2001年の香港映画。【Amazon.co.jp】

DVDで鑑賞。イーキン・チェン主演で監督はジングル・マ。私の大好きな『東京攻略』と同じ組み合わせです。

中国語タイトルの『九龍冰室』(主人公が親友と営んでいる食堂の名前。字幕では「九龍カフェ」と訳されている)、あるいは英語タイトルの "Goodbye, Mr. Cool" のほうが、内容には即していると思うんだけどなあ。この『冷戦』という邦題は、カッコつけてるだけですごく曖昧。

『東京攻略』とは打って変わって、(私が苦手とする)シリアスな義理と人情〜の世界。若い頃はならず者で、刑務所入りしてしまっていた龍(ロン)は、服役中にすっかり油が抜けて落ち着いてしまい、釈放後はせっせと食堂で真面目に働く毎日。ところがなまじっか、ワルだった頃に属していた組織の中で「人望」があったものだから、周りが放っておいてくれない。勝手に期待されたり警戒されたりで、本人の思惑を超えたところで混乱が生じてしまう。むかしの恋人やら、服役中に生まれていた息子やら、息子の小学校の担任の若い女の先生(実は食堂の常連)なども絡んできます。まあ、ありがちなパターンかもしれません。

えーと、これは、「イーキンがお父さん役で子供と共演か! 萌え!」みたいな不純な動機で見始めちゃった私には、かなり辛かったです。痛々しいんですよ、みんな。カタギになるんだと主張しても、全然みんなに信じてもらえない主人公。どんなに反論しても、「いーえっ! あなたは暗黒社会でのし上がるべき人なのよっ!」と一方的に夢を託してしまって、彼を巻き込んで裏社会に復活させる意図で、わざわざ悪いやつらにつかまってみたりする、むかしの恋人。組織の姐御として活躍するお母さんには頼れないので、やたらめったら(いい意味でも悪い意味でも)しっかり者に育ってしまった幼い息子。一回りも年上の主人公に惹かれていることを、あまりにもあからさまに顔に出してしまう、あまりにも初々しすぎる、小学校教師。

結局主人公は、もう少しで新しいカタギな生活を確立できる……という展望が見えてきた瞬間に、それを奪い取られてしまいます。
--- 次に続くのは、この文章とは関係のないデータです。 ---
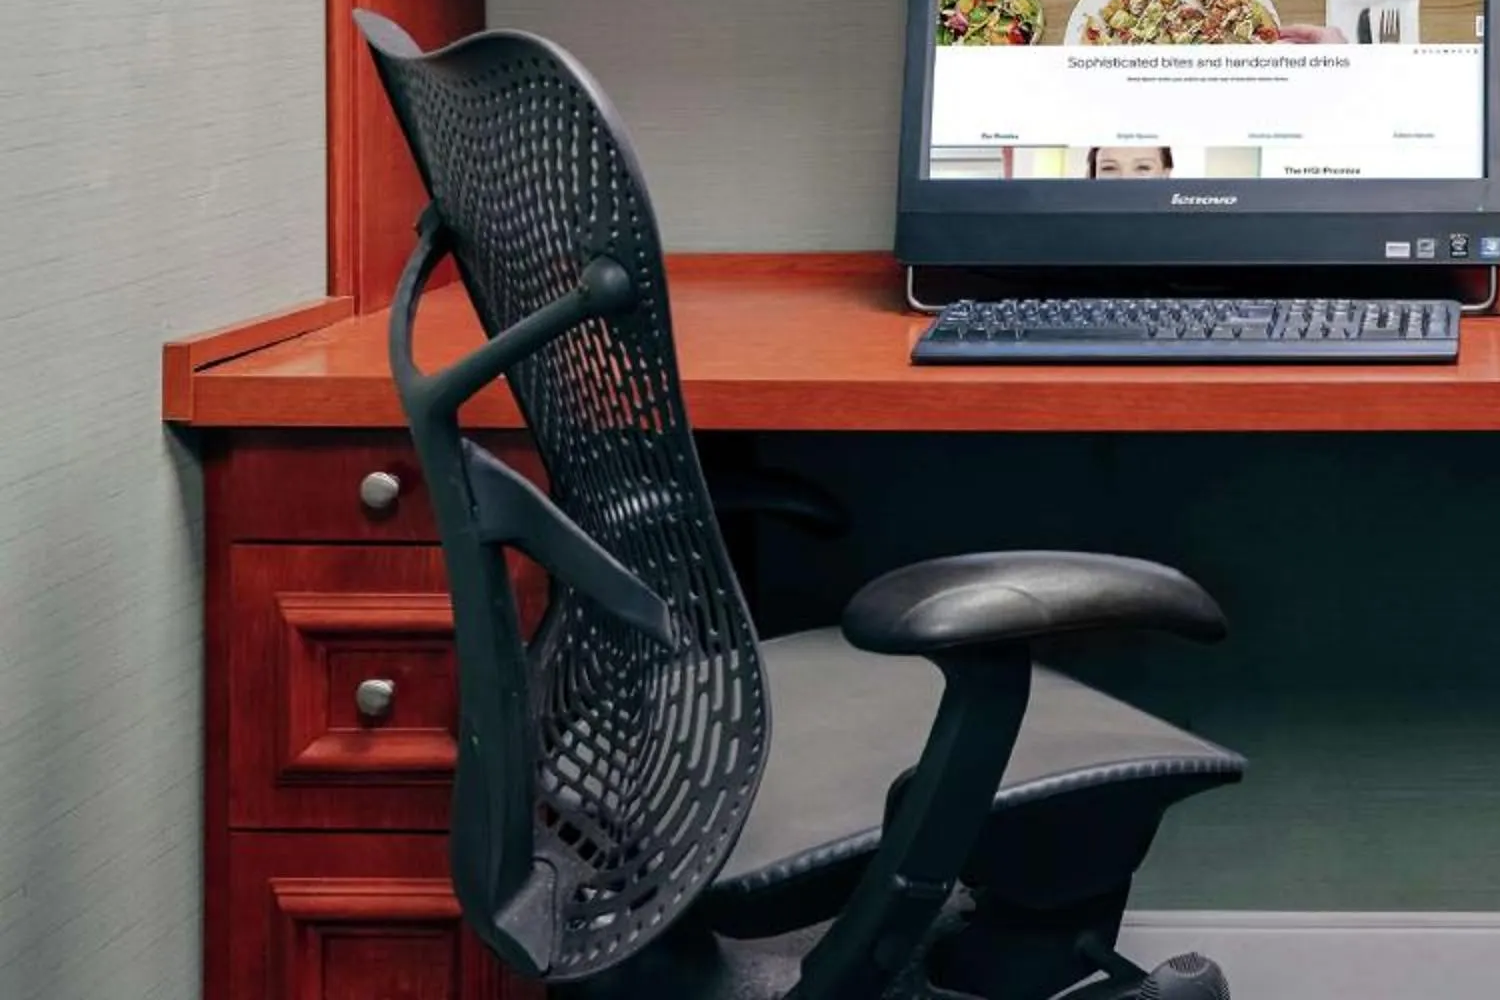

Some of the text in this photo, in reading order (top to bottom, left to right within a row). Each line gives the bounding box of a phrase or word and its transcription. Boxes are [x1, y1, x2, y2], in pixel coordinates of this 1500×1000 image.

[1067, 56, 1350, 70] Sophisticated bites and handcrafted drinks
[1171, 193, 1238, 205] lenovo
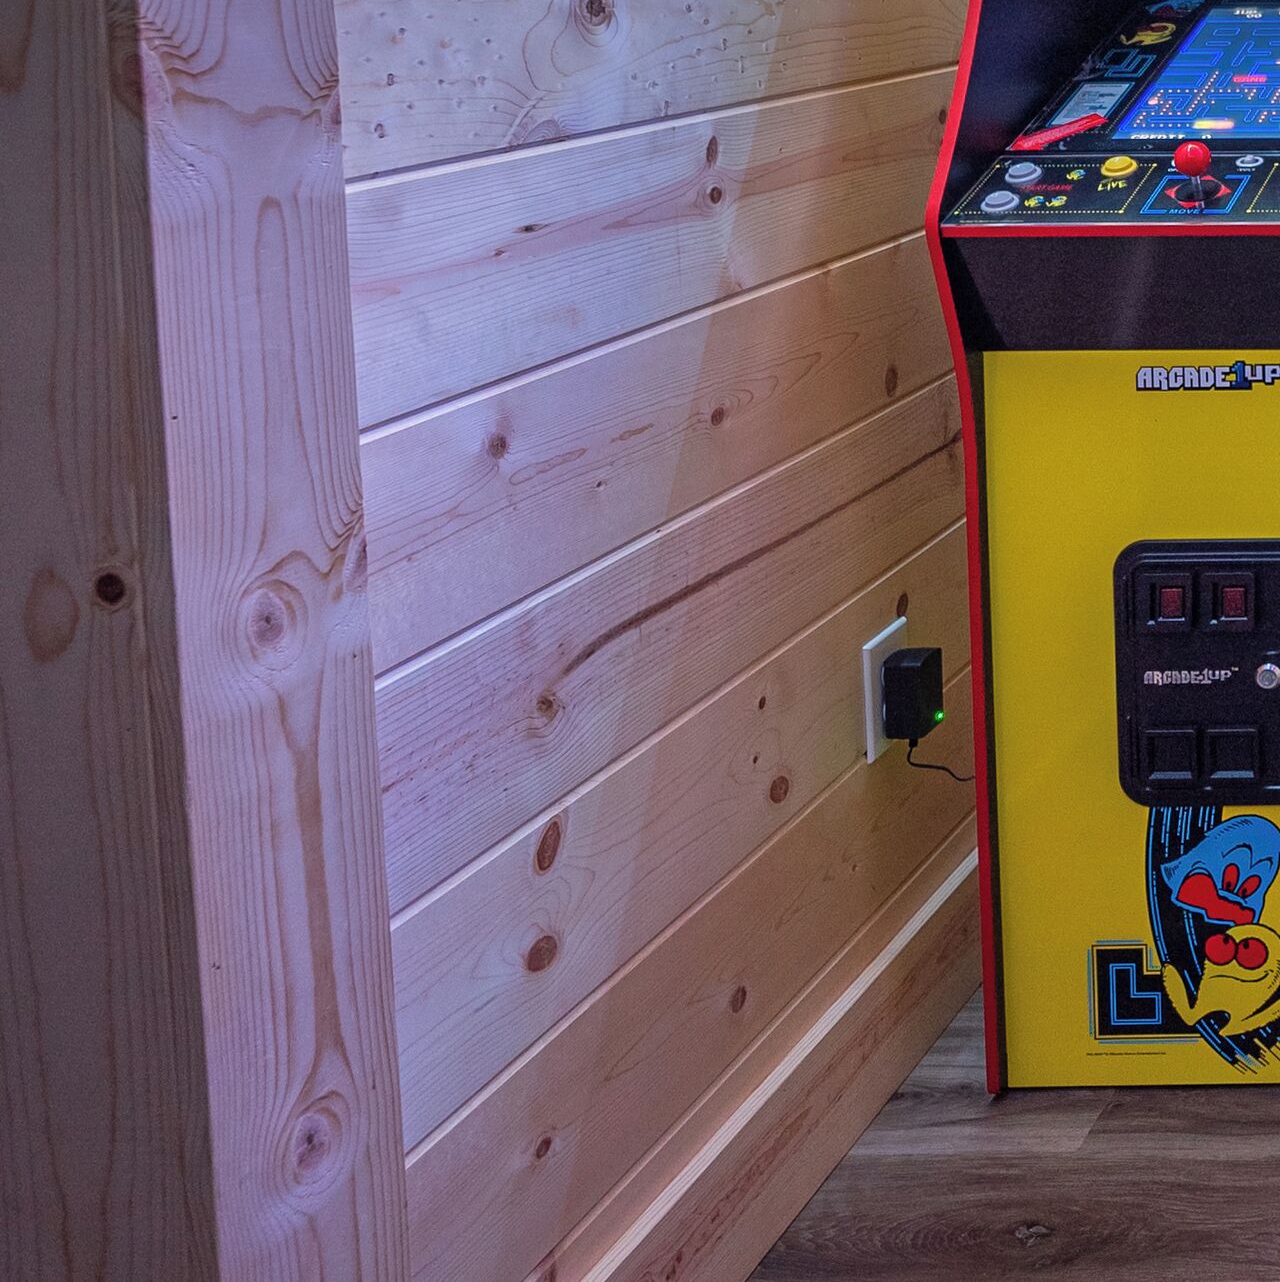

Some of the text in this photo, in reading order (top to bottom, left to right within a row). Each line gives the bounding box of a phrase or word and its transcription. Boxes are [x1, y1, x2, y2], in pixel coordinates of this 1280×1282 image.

[1232, 75, 1268, 83] GAME
[1097, 180, 1128, 192] LIVE
[1143, 667, 1232, 686] ARCADE1UP
本人としてはもう心の底から嫌気がさしている、かつては自分にとってもそれがすべてだった「男の面子」を賭けた無意味な戦いに、過去の抗争による傷害が残る足を引きずって、赴かざるを得ない状況に追い込まれます。「ほのぼの親子シーンに萌え」どころじゃないのよ。

むかしの恋人役で出ているカレン・モクが、ものすごくきれいでした。普段、「個性派」女優として不美人な役柄で出てくることが多い彼女ですが、実はこんなに凛としたたたずまいの美しい人だったんだねー、というかんじ。
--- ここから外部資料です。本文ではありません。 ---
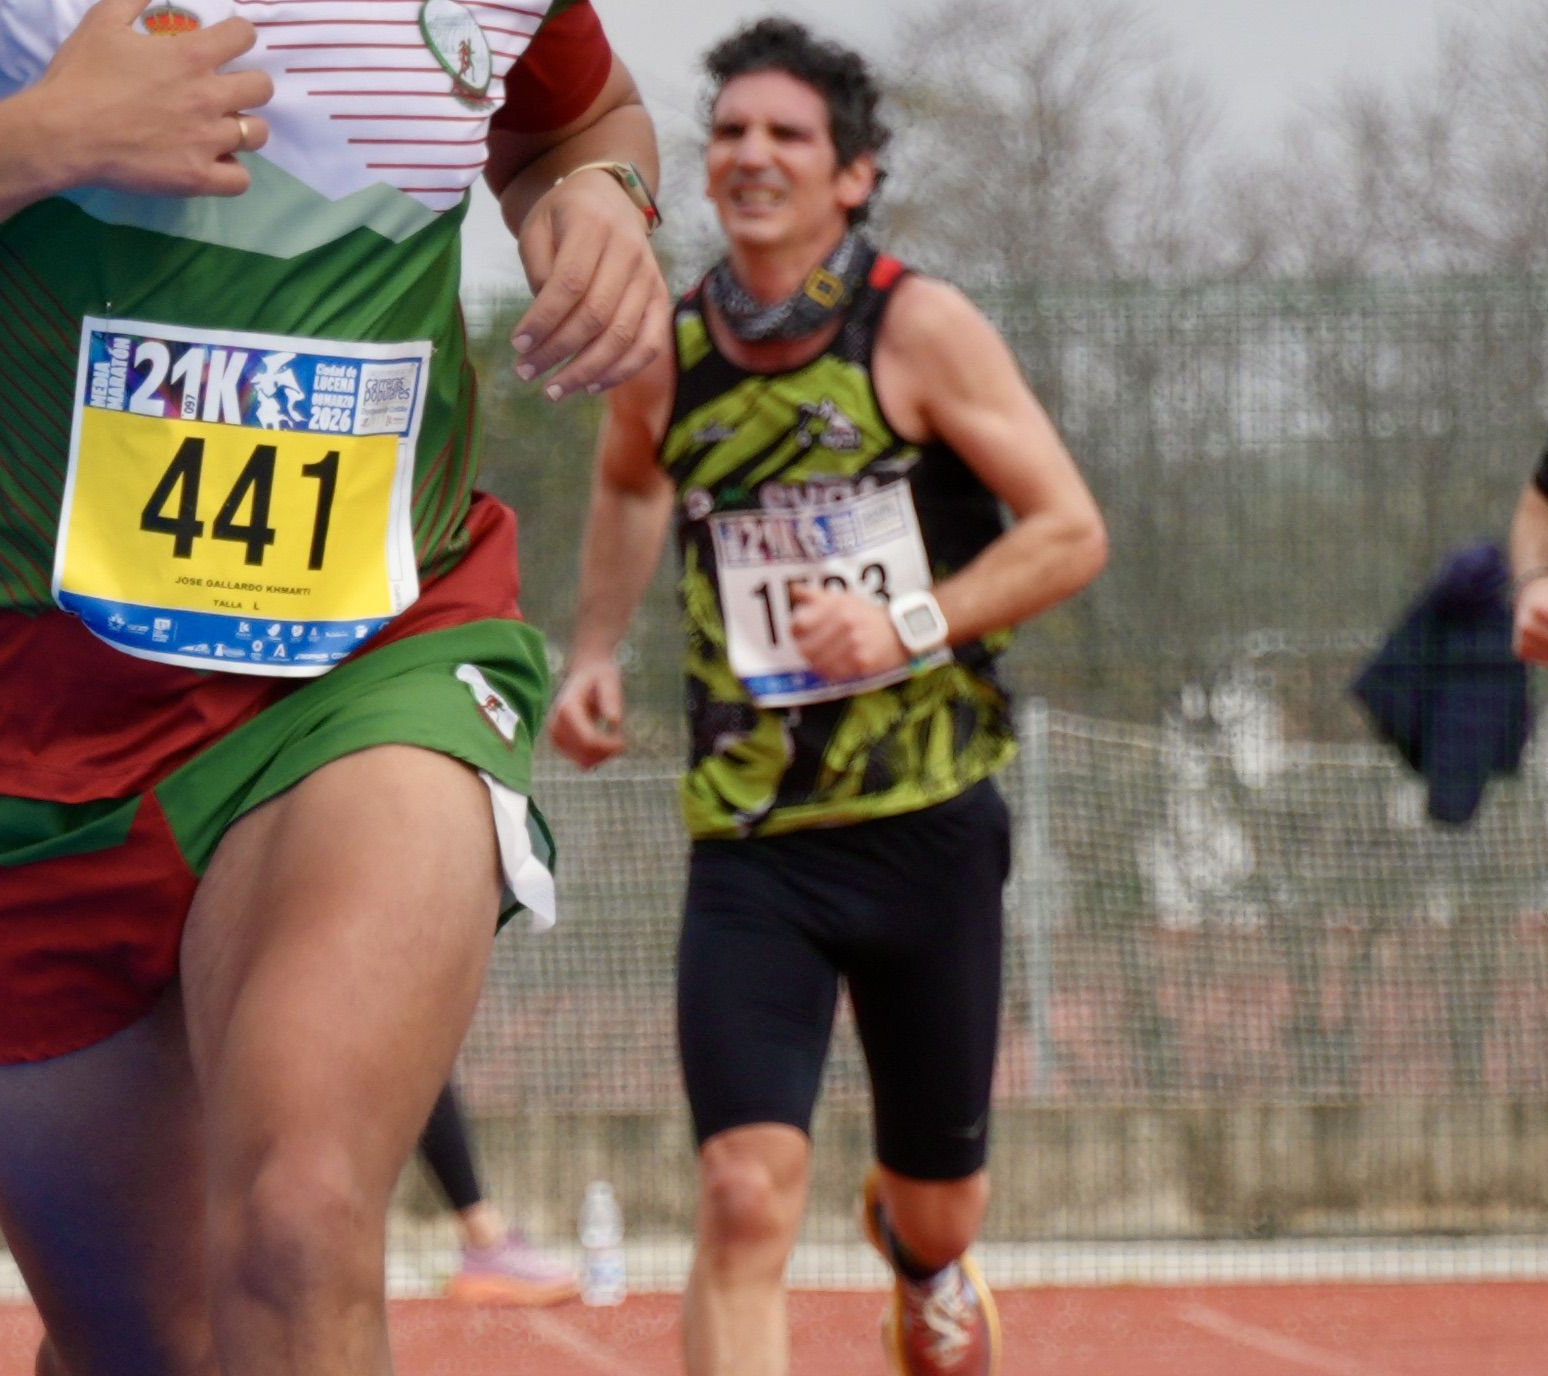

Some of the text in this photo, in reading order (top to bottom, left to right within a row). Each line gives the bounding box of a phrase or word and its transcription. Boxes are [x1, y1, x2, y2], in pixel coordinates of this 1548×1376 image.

ただ、ヒロイン二人(もっと言うなら、女性全般)は、おそらく主人公(ひいてはストーリー全体)にとって、重要度は低いんだろうなあ。主人公と亡くなった父親の関係を思わせるシーンは何度もリピートするのに母親は一度も出て来ない、というのに呼応するように、主人公とヒロインたち(片方は息子の母親でもある)の関わりよりも、主人公と幼い息子の関わりのほうが断然クローズアップされている。あくまでも、「男同士」のお話なのね。

お話としては、なんか暴力的にぶった切られた感があって、ちょっと割り切れないし、やりきれない。でももしかしたら、そこまで含めて、作品の意図だったのかも。いったん堕ちたら、納得の行くラストシーンを迎えることもできないんだよ、という。

イーキン・チェンは、若い頃(私は1本も見ていないのですが)『欲望の街 古惑仔』という、香港のマフィア社会をとってもクールにカッコよく描いたシリーズに出演して人気が出た人なので、三十を過ぎてから「マフィアなんて全然カッコいいことないよ、いったん関わったら泥沼だよ」と主張するこういう映画に出たことは、彼にとっては、意味のあることだったのかもしれないなあ、と思いました。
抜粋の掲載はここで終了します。